Anglo estimates that closing the bank would cost €42 billion on top of covering the funding lost due to the closure. Chief executive Mike Aynsley has argued that the New Bank-Old Anglo plan is the only option that offers any “payback” to the State.

These assumptions are now being tested by Almunia, who saw the original plan as less than thoroughgoing. Among other shortcomings, he pointed to excessive property market exposure and the high cost of entering new sectors of the banking market.

Government sources say the proposal crafted last November can be regarded as “ancient history” when compared with the plan now on the table.

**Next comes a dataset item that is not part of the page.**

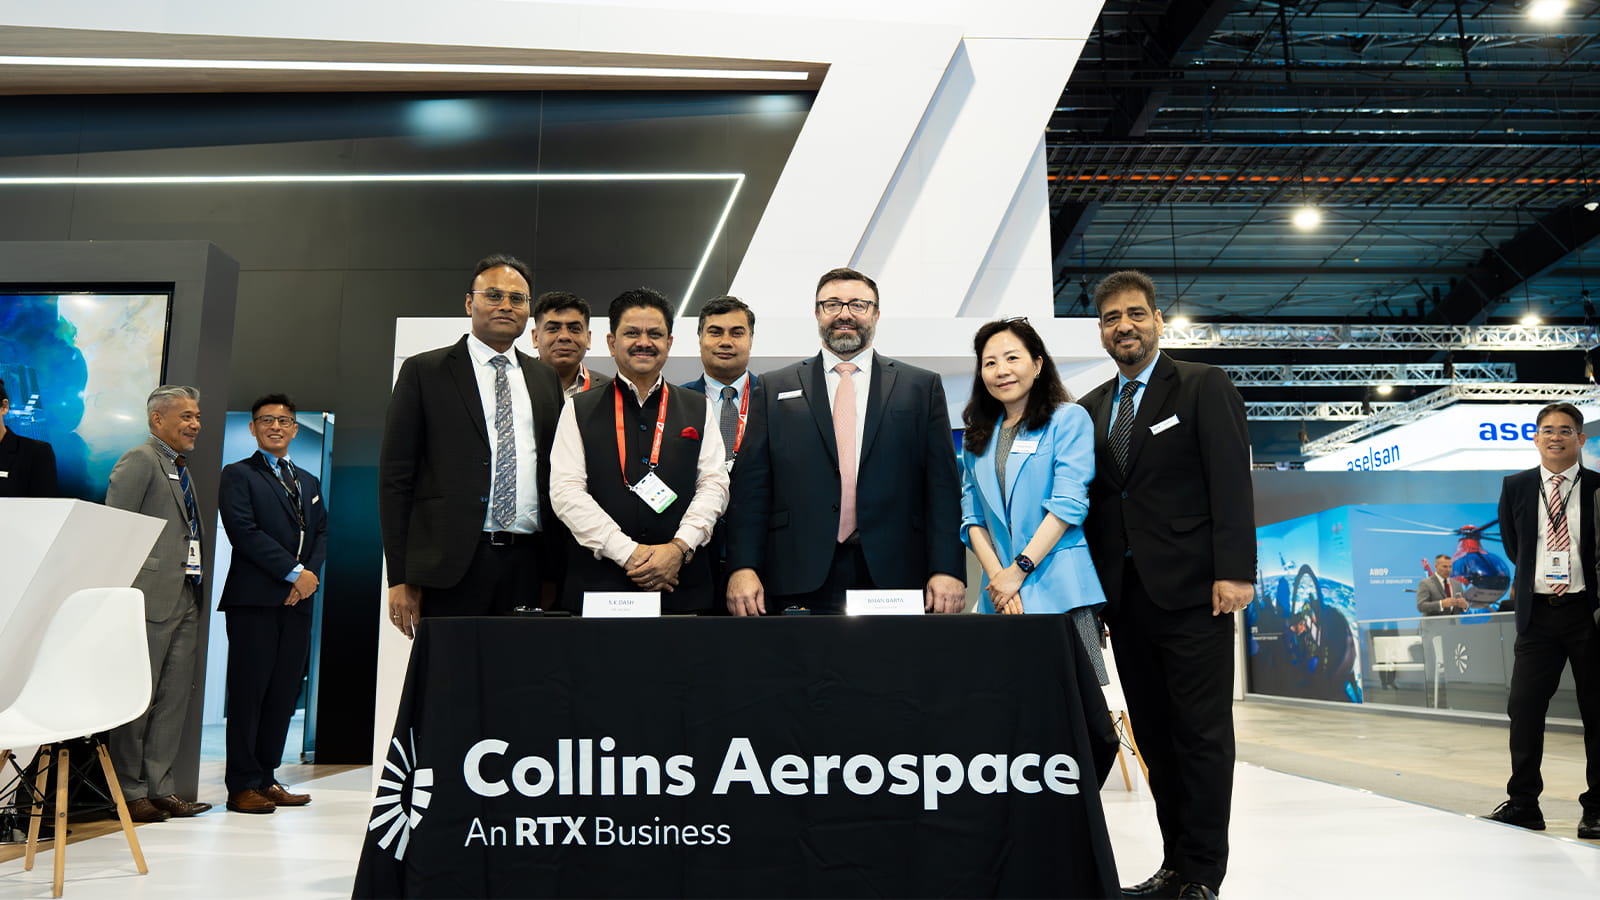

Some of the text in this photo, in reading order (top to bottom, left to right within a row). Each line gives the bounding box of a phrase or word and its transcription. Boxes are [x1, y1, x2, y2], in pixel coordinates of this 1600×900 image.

[463, 736, 1081, 811] Collins Aerospace
[464, 816, 731, 847] An RTX Business

If the original represented the bank’s best shot, it is a given that drastic improvements were required.

Then there is the question of whether it would be better to wind down Anglo altogether. Although the Government has always insisted that propping up the bank was the “least worst” option, Almunia is examining whether it would be possible to close it at a lower cost to the provision of fresh State capital.

He is also examining the adequacy of the burden-sharing arrangements between the State and debt-holders. With Anglo’s subordinated debt leaving the State guarantee scheme at the end of September, the question arises as to whether the holders of this second-class paper should be asked to take a “haircut” on the principal amount due to them.

It is open to Almunia to call for this, but the commission has never before gone down that particular path.

Under the protection of the guarantee, the concern was that a bond default – as a haircut would be – might have led to a call on the guarantee, triggering contagion among holders of Irish bank paper.

Clearly, the removal of the guarantee from subordinated debt could change the dynamic.

Even so, most of the €14 billion already ploughed into Anglo will never be recouped. Minister for Finance Brian Lenihan says the bank may need a further €8 billion and Anglo’s chairman Alan Dukes has said yet more money may be required.

The State’s first €4 billion recapitalisation of Anglo last year triggered a large upward revision in the 2009 budget deficit to 14.3 per cent, the EU’s highest.

With more than €10 billion already gone to Anglo this year – not to mention the additional €8 billion – all signs point to a doubling of the budget deficit.

Aynsley told an Oireachtas committee less than three weeks ago that the lion’s share of the bailout funding will end up in a “black hole”. Whatever Almunia decides, it seems this will continue to be the case. A sorry tale it is.